DS : The sum of the integers in list S

[Rathna]

The sum of the integers in list S is the same as the sum of the integers in list T. Does S contain more integers than T?

1) The average (arithmetic mean) of the integers in S is less than the average of the integers in T.

2) The median of the integers in S is greater than the median of the integers in T.

How to approach this problem?

[gauravbawa+gm]

Is b the answer?

[RonPurewal]

ah, evil.

to get at the heart of this problem, you must realize that "greater" is NOT the same thing as "farther away from zero".
for positive numbers, these two concepts are the same, but they are not so for negative numbers (for which the the greater number is actually closer to zero).
that realization is the crux of this problem.

see, here's the deal:
the SUM is the same for each of the two sets. therefore, since average = (sum) / (# of data points), the average will be CLOSER TO ZERO if there are more data points.
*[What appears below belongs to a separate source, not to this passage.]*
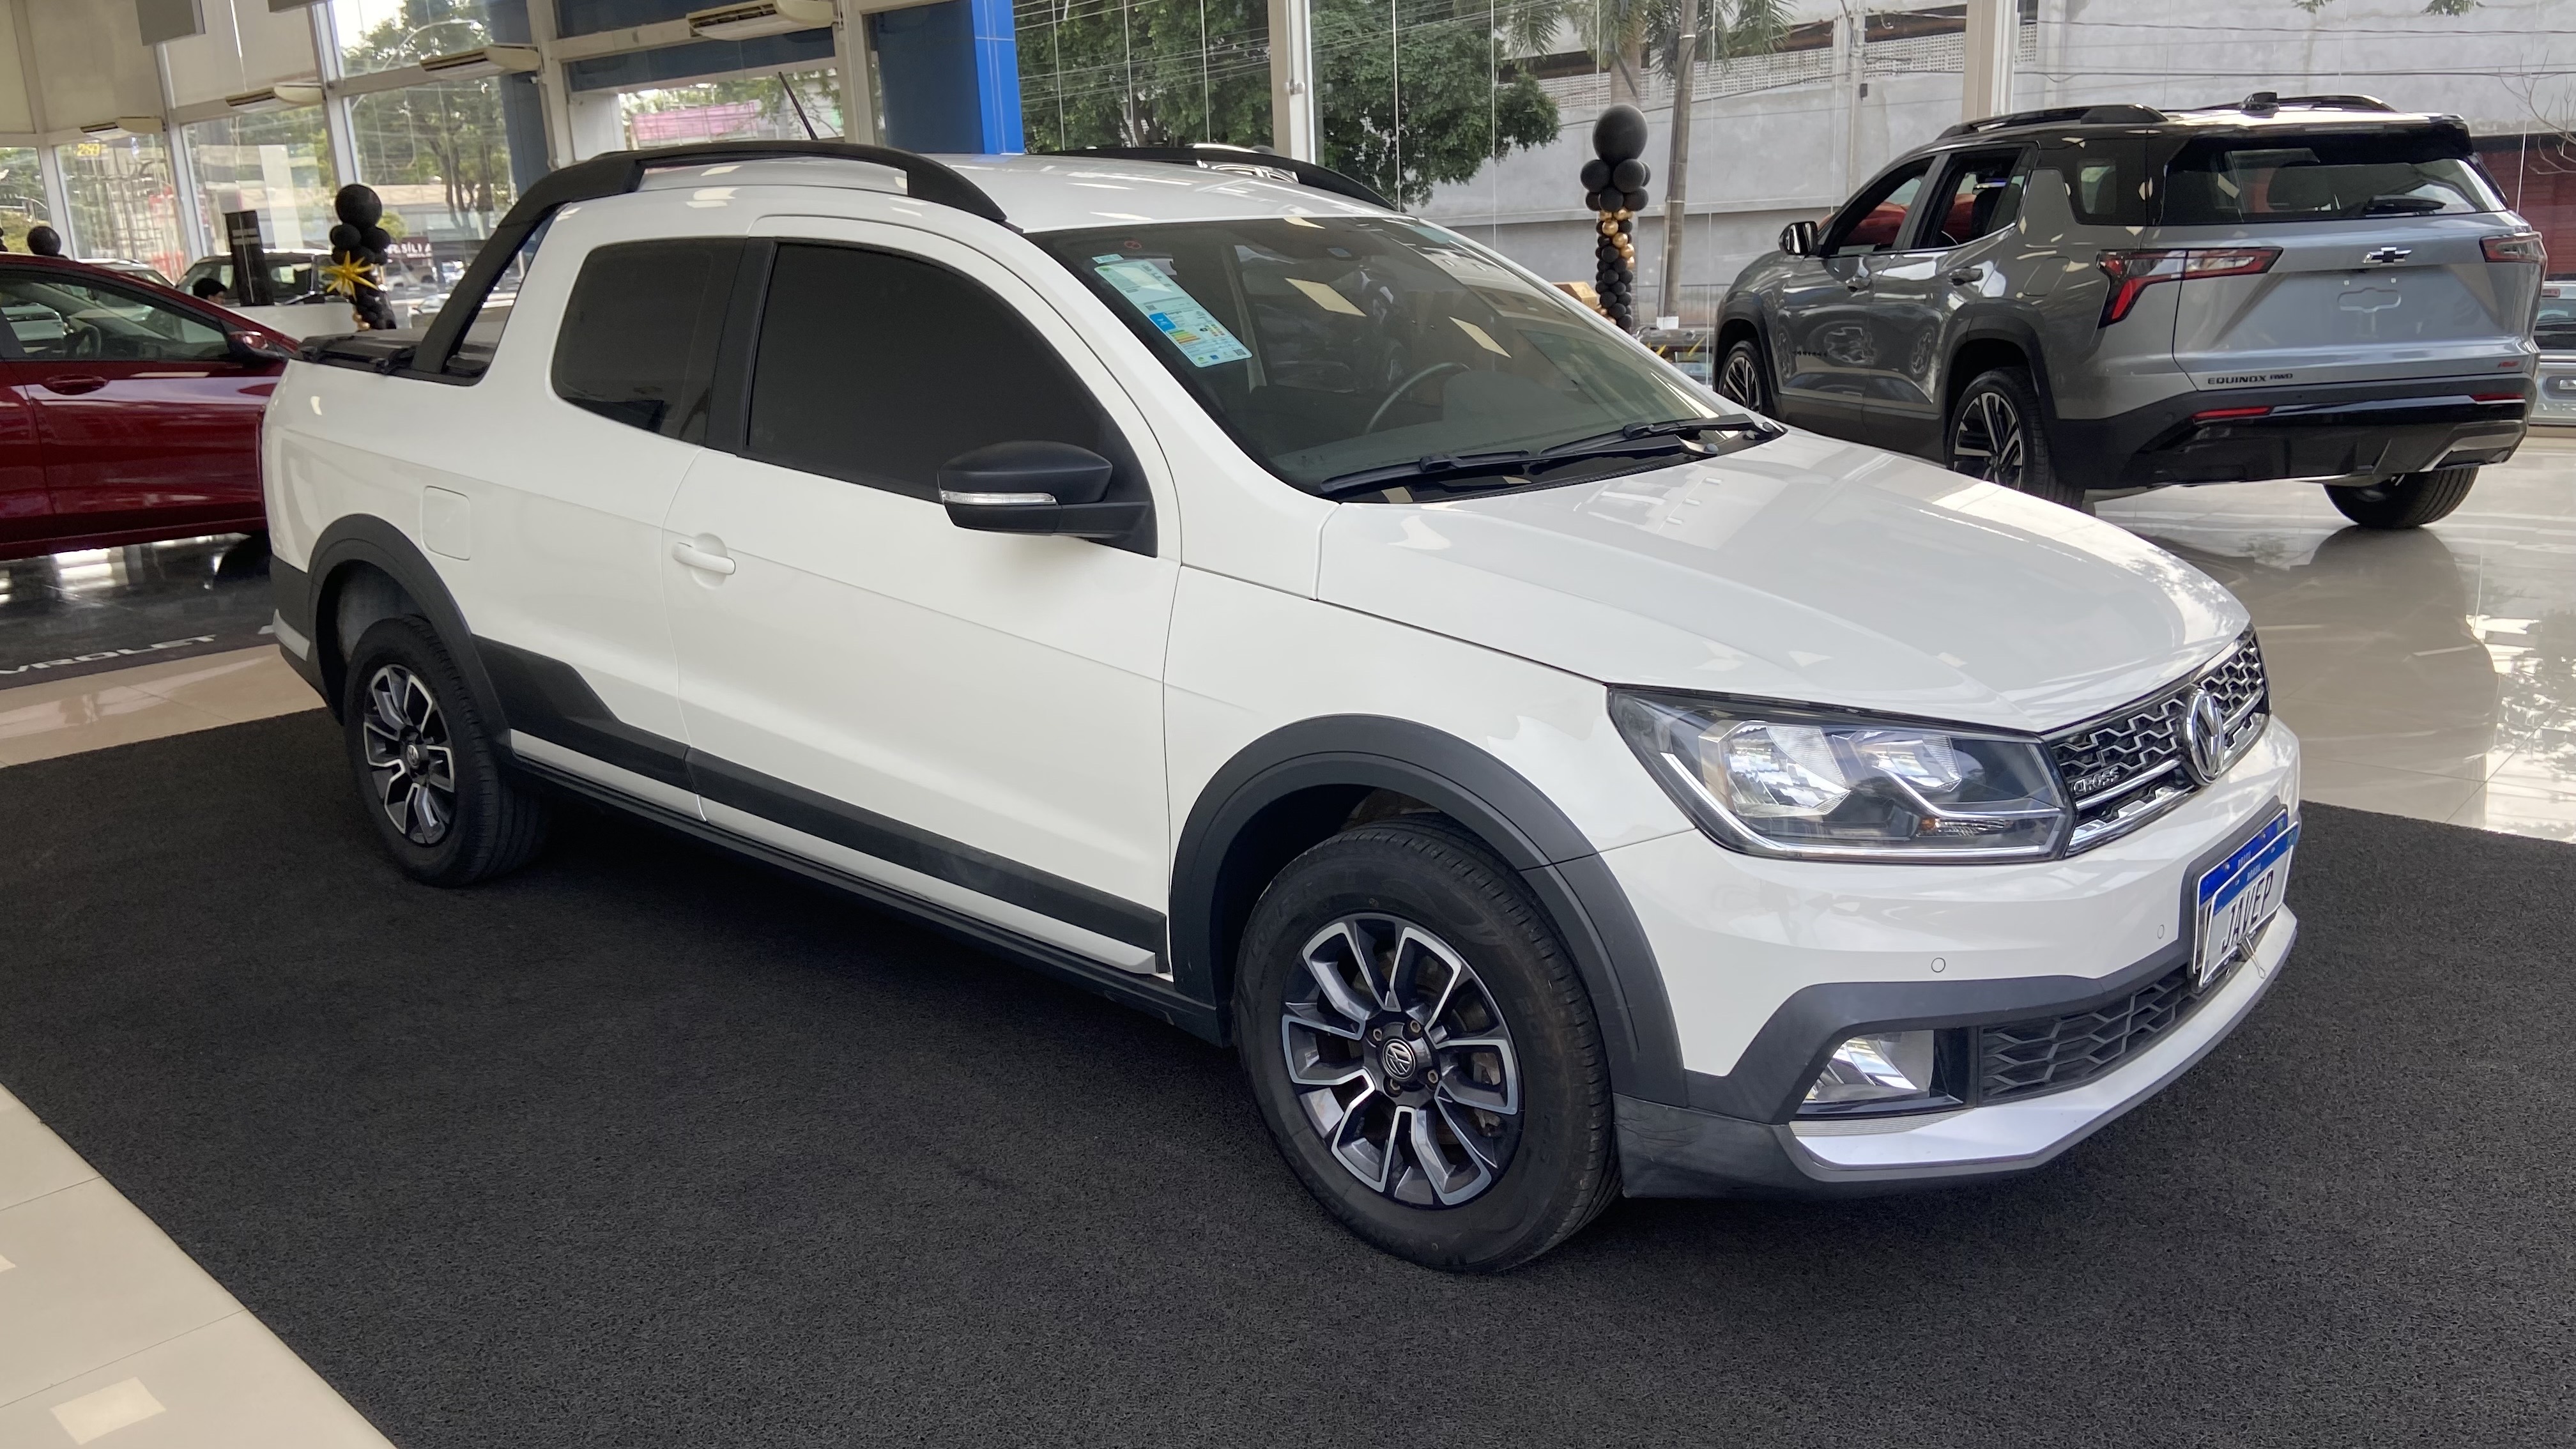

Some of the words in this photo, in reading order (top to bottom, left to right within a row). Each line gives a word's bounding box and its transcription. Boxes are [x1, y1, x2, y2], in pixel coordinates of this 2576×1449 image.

the problem is that this doesn't mean that the average is lower. if the sum is negative, then just the opposite will occur.

examples:
if S = 2, 2, 2 and T = 3, 3, then the sums are both 6, the average of S is less (2 vs. 3), and S has more integers.
if S = -3, -3 and T = -2, -2, -2, then the sums are both -6, the average of S is less (-3 vs. -2), and S has fewer integers.
so (a) is insufficient.

if T = 2, 2, 2 and S = 3, 3, then the sums are both 6, the median of S is greater (3 vs. 2), and S has fewer integers.
if T = -3, -3 and S = -2, -2, -2, then the sums are both -6, the median of S is greater (-2 vs. -3), and S has more integers.
so (b) is insufficient.

together:
this takes a little more creativity.
if S = -7, 9, 10 and T = 6, 6, then the sums are both 12, the average of S is less (4 vs. 12), the median of S is greater (9 vs. 6), and S has more integers.
if S = -6, -6 and T = -10, -9, 7, then the nums are both -12, the average of S is less (-6 vs. -4), the median of S is greater (-6 vs. -9), and S has fewer integers.
so, insufficient.

answer = (e).

incidentally, if this problem is supposed to say that the integers are positive or non-negative (and the original poster simply forgot this caveat), then the problem is much easier, and the answer is different (at a glance i think it would be (a)).

[Rathna]

Infact Ron, OA is A

[RonPurewal]

Infact Ron, OA is A

if that's the case, then the problem statement must contain a condition stating that the numbers are positive, or at the very least non-negative. if it doesn't, then, as i have demonstrated above, that's simply the wrong answer.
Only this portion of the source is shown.